Stored items
----------
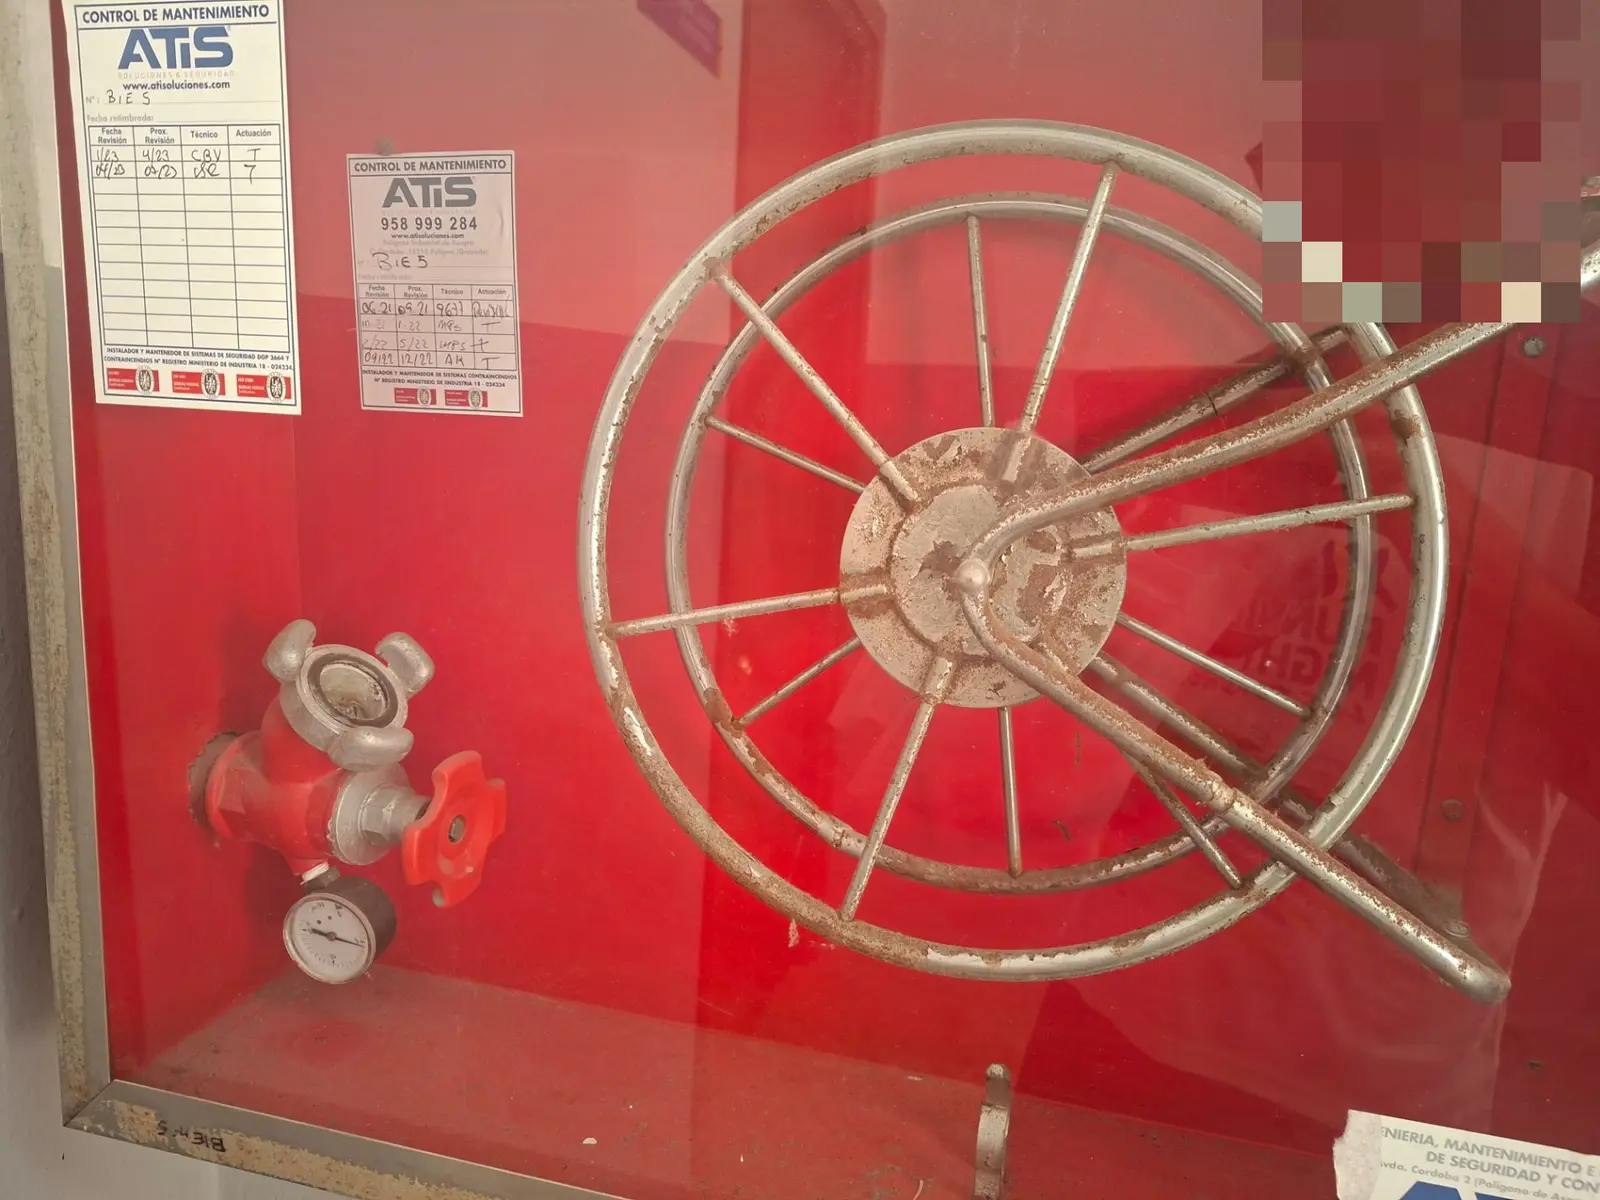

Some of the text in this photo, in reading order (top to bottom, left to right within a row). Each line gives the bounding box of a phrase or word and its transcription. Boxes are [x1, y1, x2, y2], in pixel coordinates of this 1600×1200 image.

[83, 4, 269, 23] CONTROL DE MANTENIMIENTO
[123, 80, 230, 90] www.atisoluciones.com
[87, 113, 107, 121] Fecha
[143, 148, 169, 162] 4/23
[354, 159, 506, 172] CONTROL DE MANTENIMIENTO
[381, 217, 477, 230] 958 999 284
[418, 255, 428, 268] 5
[1444, 1138, 1582, 1173] MANTENIMIENTO
[1426, 1151, 1446, 1164] DE
[1450, 1155, 1540, 1182] SEGURIDAD
[1546, 1173, 1558, 1185] Y
[1412, 1166, 1459, 1181] Cordoba
[1464, 1175, 1470, 1184] 2
[1533, 1190, 1548, 1198] de
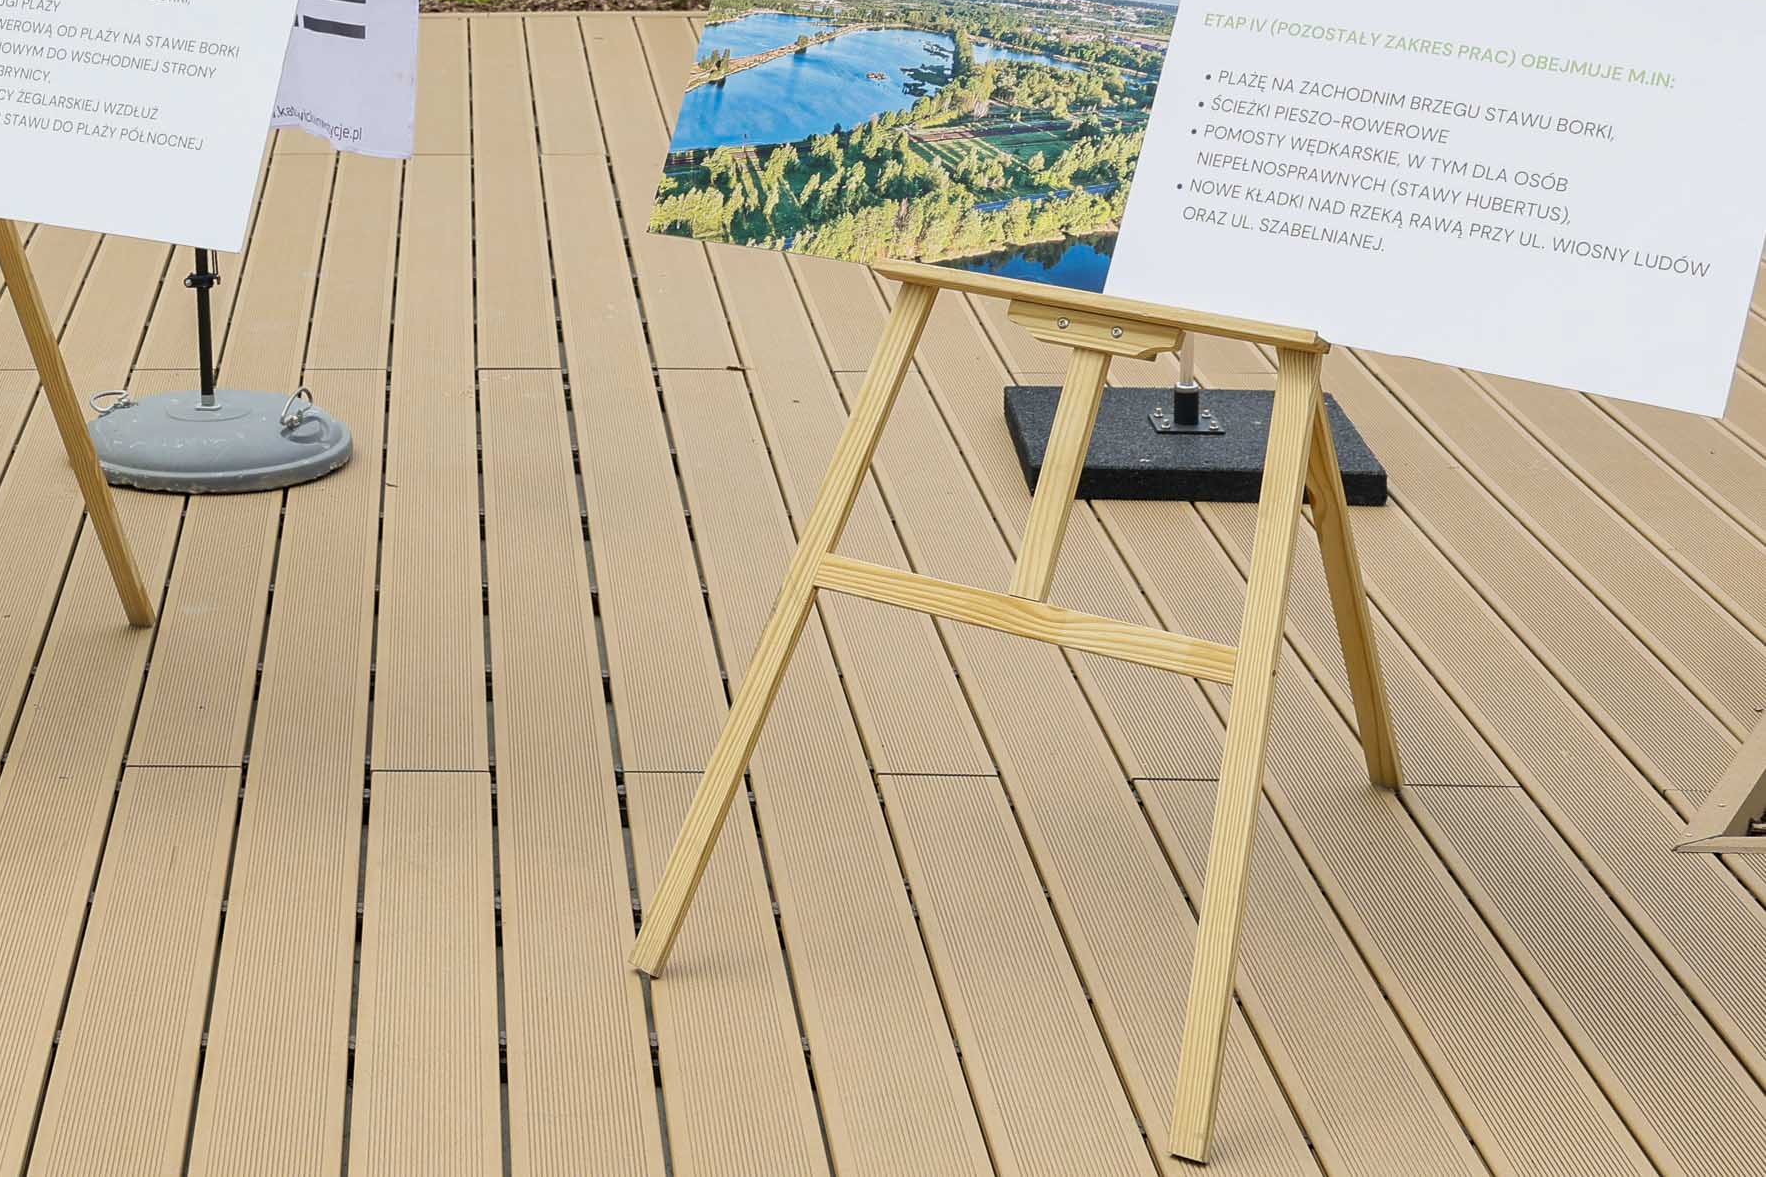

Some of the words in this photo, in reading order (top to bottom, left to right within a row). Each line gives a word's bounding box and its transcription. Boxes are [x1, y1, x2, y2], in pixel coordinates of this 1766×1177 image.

[45, 46, 67, 60] DO
[71, 49, 159, 72] WSCHODNIEJ
[161, 61, 216, 78] STRONY
[56, 24, 77, 37] OD
[79, 26, 120, 42] PLAŻY
[122, 32, 140, 46] NA
[145, 34, 196, 52] STAWIE
[198, 41, 240, 58] BORKI
[1203, 13, 1246, 29] ETAP
[1249, 17, 1268, 32] IV
[1270, 18, 1382, 46] (POZOSTAŁY
[1383, 34, 1453, 56] ZAKRES
[1457, 44, 1516, 68] PRAC)
[1520, 53, 1624, 81] OBEJMUJE
[15, 88, 99, 112] ŻEGLARSKIEJ
[103, 101, 158, 120] WZDŁUŻ
[1210, 93, 1270, 118] ŚCIEŻKI
[1274, 105, 1450, 144] PIESZO-ROWEROWE
[1217, 69, 1268, 92] PLAŻĘ
[1271, 77, 1294, 93] NA
[1298, 80, 1405, 108] ZACHODNIM
[1409, 95, 1480, 118] BRZEGU
[1484, 106, 1552, 129] STAWU
[2, 112, 50, 130] STAWU
[52, 118, 73, 132] DO
[76, 121, 117, 138] PLAŻY
[119, 126, 203, 150] PÓŁNOCNEJ
[1196, 150, 1386, 192] NIEPEŁNOSPRAWNYCH
[1390, 178, 1462, 204] (STAWY
[1203, 123, 1286, 148] POMOSTY
[1407, 153, 1426, 168] W
[1430, 157, 1468, 176] TYM
[1471, 163, 1507, 182] DLA
[1513, 170, 1568, 192] OSÓB
[1182, 205, 1228, 225] ORAZ
[1231, 213, 1253, 230] UL.
[1189, 178, 1242, 198] NOWE
[1244, 186, 1304, 208] KŁADKI
[1307, 196, 1345, 214] NAD
[1349, 202, 1402, 229] RZEKĄ
[1408, 212, 1462, 238] RAWĄ
[1468, 222, 1514, 243] PRZY
[1519, 230, 1545, 249] UL.
[1552, 236, 1630, 262] WIOSNY
[1633, 250, 1710, 277] LUDÓW
----------
Exercise objective: Your answer should hold exactly the lines from the one containing "Some of the words" to the last line of the data, both included, and no others.

Solution below:
Some of the words in this photo, in reading order (top to bottom, left to right within a row). Each line gives a word's bounding box and its transcription. Boxes are [x1, y1, x2, y2], in pixel coordinates of this 1766×1177 image.

[45, 46, 67, 60] DO
[71, 49, 159, 72] WSCHODNIEJ
[161, 61, 216, 78] STRONY
[56, 24, 77, 37] OD
[79, 26, 120, 42] PLAŻY
[122, 32, 140, 46] NA
[145, 34, 196, 52] STAWIE
[198, 41, 240, 58] BORKI
[1203, 13, 1246, 29] ETAP
[1249, 17, 1268, 32] IV
[1270, 18, 1382, 46] (POZOSTAŁY
[1383, 34, 1453, 56] ZAKRES
[1457, 44, 1516, 68] PRAC)
[1520, 53, 1624, 81] OBEJMUJE
[15, 88, 99, 112] ŻEGLARSKIEJ
[103, 101, 158, 120] WZDŁUŻ
[1210, 93, 1270, 118] ŚCIEŻKI
[1274, 105, 1450, 144] PIESZO-ROWEROWE
[1217, 69, 1268, 92] PLAŻĘ
[1271, 77, 1294, 93] NA
[1298, 80, 1405, 108] ZACHODNIM
[1409, 95, 1480, 118] BRZEGU
[1484, 106, 1552, 129] STAWU
[2, 112, 50, 130] STAWU
[52, 118, 73, 132] DO
[76, 121, 117, 138] PLAŻY
[119, 126, 203, 150] PÓŁNOCNEJ
[1196, 150, 1386, 192] NIEPEŁNOSPRAWNYCH
[1390, 178, 1462, 204] (STAWY
[1203, 123, 1286, 148] POMOSTY
[1407, 153, 1426, 168] W
[1430, 157, 1468, 176] TYM
[1471, 163, 1507, 182] DLA
[1513, 170, 1568, 192] OSÓB
[1182, 205, 1228, 225] ORAZ
[1231, 213, 1253, 230] UL.
[1189, 178, 1242, 198] NOWE
[1244, 186, 1304, 208] KŁADKI
[1307, 196, 1345, 214] NAD
[1349, 202, 1402, 229] RZEKĄ
[1408, 212, 1462, 238] RAWĄ
[1468, 222, 1514, 243] PRZY
[1519, 230, 1545, 249] UL.
[1552, 236, 1630, 262] WIOSNY
[1633, 250, 1710, 277] LUDÓW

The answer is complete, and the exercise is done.